セルのValueとTextの違い

セルのプロパティにはValueとTextという違いが分かりにくいものがあります。

違いの例を書くと、例としてセルの書式設定が会計形式「\0,000」の場合に、「1234」となるのがValueで「\1,234」となるのがTextです。書式を反映するかどうかがValueとTextの違いです。詳細は後述します。

Value、Textの他にもセルの値を表すプロパティにはValue2、Formula、FormulaR1C1があります。

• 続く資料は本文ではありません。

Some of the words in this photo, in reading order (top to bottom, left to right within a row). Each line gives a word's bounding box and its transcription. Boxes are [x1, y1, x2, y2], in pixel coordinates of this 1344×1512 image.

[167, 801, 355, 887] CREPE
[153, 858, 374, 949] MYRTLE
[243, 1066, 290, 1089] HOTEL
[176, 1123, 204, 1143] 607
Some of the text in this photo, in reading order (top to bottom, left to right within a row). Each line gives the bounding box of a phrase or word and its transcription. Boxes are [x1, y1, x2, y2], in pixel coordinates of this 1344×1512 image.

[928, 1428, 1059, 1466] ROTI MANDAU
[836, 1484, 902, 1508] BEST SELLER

また、プロパティを省略した未設定での記述も可能です。

これらについて以下に説明します。

各プロパティの概要

各プロパティの参照値と設定値の概要です。
以下の各プロパティのうち、Textプロパティだけは参照しかできません。

プロパティ 扱う内容 参照 設定
未設定 Valueとして扱う
Value セルの計算結果の値
Text セルの書式を含めた表示文字列 ×
Value2 シリアル値
Formula A1形式の数式
Formula2 R1C1形式の数式



未設定とValueは値、Textは表示文字

A1セルの書式を「\0,000」の金額形式に設定し、そこに「=1000+2000」という数式を入れた場合に、各プロパティがどのように表現されるかのサンプルです。

実行結果
未設定 = [3000]
Value = [3000]
Text = [\3,000]
Value2 = [3000]
Formula =[=1000+2000]
FormulaR1C1 = [=1000+2000]

この結果の通り、プロパティ未設定とValueはセルの数式の「=1000+2000」の結果の「3000」が設定され、Textには「\3,000」の表示文字が設定されます。

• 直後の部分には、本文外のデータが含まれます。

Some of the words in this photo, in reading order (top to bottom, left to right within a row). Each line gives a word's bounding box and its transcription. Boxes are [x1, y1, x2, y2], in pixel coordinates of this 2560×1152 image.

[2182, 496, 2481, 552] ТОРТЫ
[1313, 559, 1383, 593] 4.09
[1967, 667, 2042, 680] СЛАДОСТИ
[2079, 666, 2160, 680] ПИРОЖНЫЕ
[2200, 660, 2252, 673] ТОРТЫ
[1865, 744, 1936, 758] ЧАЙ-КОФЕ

未設定とValueの場合はセルの書式は反映されていませんが、Textは反映されます。このように、セルの書式を反映するかどうかがValueとTextの違いです。

参考としてValue2、Formula、FormulaR1C1も取得しています。

Formulaには数式の「=1000+2000」が設定されます。Value2はValueと同じ値で、FormulaR1C1はFormulaと同じ値です。数値の場合はこのように、FormulaとFormulaR1C1、ValueとValue2には同じ値が設定されます。

どのような場合が異なるのかを以下に説明します。

Value2はシリアル値、FormulaはA1形式数式、FormulaR1C1はR1C1形式の数式

先のサンプルは単純な数値の計算でしたが、日付形式の場合にするとValue2、セル座標を含めた数式だとFormula、FormulaR1C1などの違いが見えてきます。

実行結果
未設定 = [2017/08/02]
Value = [2017/08/02]
Text = [2017年8月2日]
Value2 = [42949]
Formula =[=A1-A2]
FormulaR1C1 = [=R[-2]C-R[-1]C]

日付の場合は未設定とValueは日付形式のスラッシュ(/)区切りで、Textは書式設定の年月日付きになります。これは先のサンプルと同じでセルの書式を反映しないのがValue、反映するのがTextです。

Value2には日付を表すシリアル値が入ります。具体的には1900/1/1からの経過日付の42949日を示しています。なお、1900/1/1は1日目としてカウントされます。

FormulaにはA1形式の数式、FormulaR1C1にはR1C1形式の数式が設定されます。